Shares of McDonald's (NYSE:MCD) hit a 52-week low on Friday. Let's take a look at how it got there and see if cloudy skies are still in the forecast.
How it got here
Late last year, with the company trading near $100 per share, I made the very unpopular call that I'd be betting against McDonald's in 2012 in my CAPS portfolio. That move has actually turned out to be quite prescient due to a number of reasons.
First and foremost, Europe is causing McDonald's all kinds of problems. The regions' ongoing debt crisis is reducing consumer spending and a faltering euro currency is hurting McDonald's bottom line when it translates that revenue back into U.S. dollars.
Food inflation has also become a serious concern that is hitting not only McDonald's, but multiple other fast-food and casual-dining restaurants. Chipotle Mexican Grill (NYSE:CMG) has cautioned investors in two consecutive quarters that a decrease in customer traffic and food inflation are hampering results. Chiptole's recent guidance called for flat to low-single-digit same-store sales growth in the near term as compared to the high single digits that investors have been accustomed to.
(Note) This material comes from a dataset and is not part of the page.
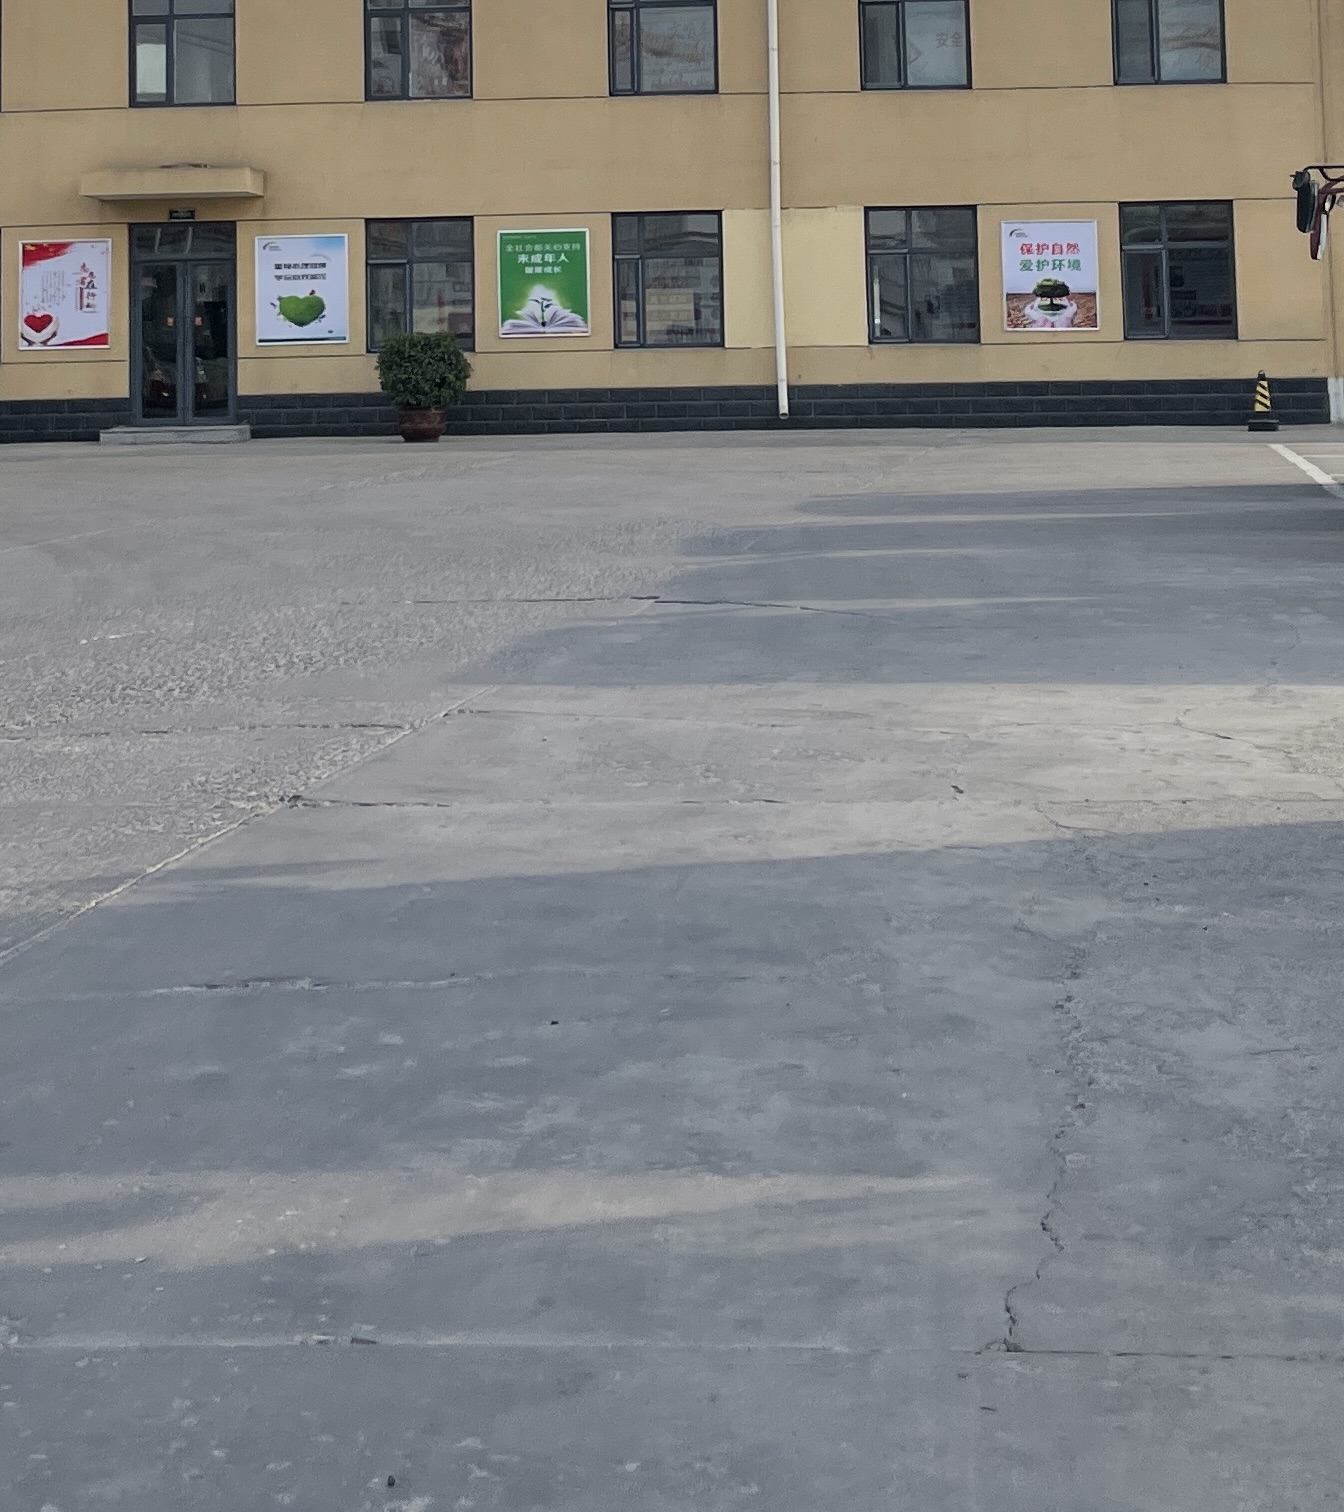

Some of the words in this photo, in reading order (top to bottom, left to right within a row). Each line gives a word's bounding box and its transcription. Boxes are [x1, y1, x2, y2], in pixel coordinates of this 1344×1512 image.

[1020, 243, 1080, 255] 保护自然
[1019, 259, 1082, 271] 爱护环境
Finally, competition among McDonald's peers is getting fiercer. Burger King Worldwide (NYSE:BKW.DL) has taken an aggressive advertising approach in the U.S. in an attempt to recapture market share and regain the No. 2 spot in terms of fast food sales that it ceded to Wendy's recently. Similarly, Jack in the Box (NASDAQ:JACK) has followed McDonald's lead and spent untold millions redesigning the inside of its restaurants and broadening its menu. Even Starbucks (NASDAQ:SBUX) has gotten into the act by expanding its food offerings and utilizing its healthier food options to draw more health-conscious consumers into its stores.
Not surprisingly, McDonald's reported a same-store sales decline of 1.8% in October, its first such decline since April 2003, and the icing on the cake of why it's tipping the scale at a new 52-week low.
How it can turn its frown upside down
Step one for McDonald's to reverse its fortunes is to stick to its game plan. McDonald's is an innovator that's almost always at the front of the pack when it comes to introducing a new product or unveiling a new restaurant design. McDonald's has been offering a diverse choice of healthier food options and a wide array of price points to consumers for a long time, and it's this same set of choices and value that'll put it out of its current slump.
McDonald's is also going to need a little external help from Europe and the euro. As I mentioned previously, it isn't the only company being hurt by foreign currency translation, but until the euro shows sign of life and spending stabilizes in the eurozone, McDonald's growth is going to take a hit. As a sidebar to that, McDonald's can alleviate some of its growth problems by focusing on Asia even more than it already is, since that appears to be the only region still growing at a decent rate.
Now for the $64,000 question: What's next for McDonald's? That's going to depend on its ability to coax customers into purchasing higher-margin menu items, whether European spending stabilizes, and how much of a negative effect competition has on McDonald's bottom line.
Our very own CAPS community gives the company a highly coveted five-star rating, with a whopping 95.3% of members expecting it to outperform. As of right now I am the lone CAPScall of underperform among Wall Street trackers and am currently positive by 17 points on that selection.
I'm getting closer to closing my year-long underperform CAPScall on McDonald's, but I'm not quite there yet. Following McDonald's first same-store sales decline in more than nine years, I have a strong suspicion that its results may get worse before they get better. European Central Bank President Mario Draghi's recent proclamation that the EU may be in worse shape than originally feared is enough to send shivers down any multinational company's spine, and is all the more reason why McDonald's could be headed even lower in the interim.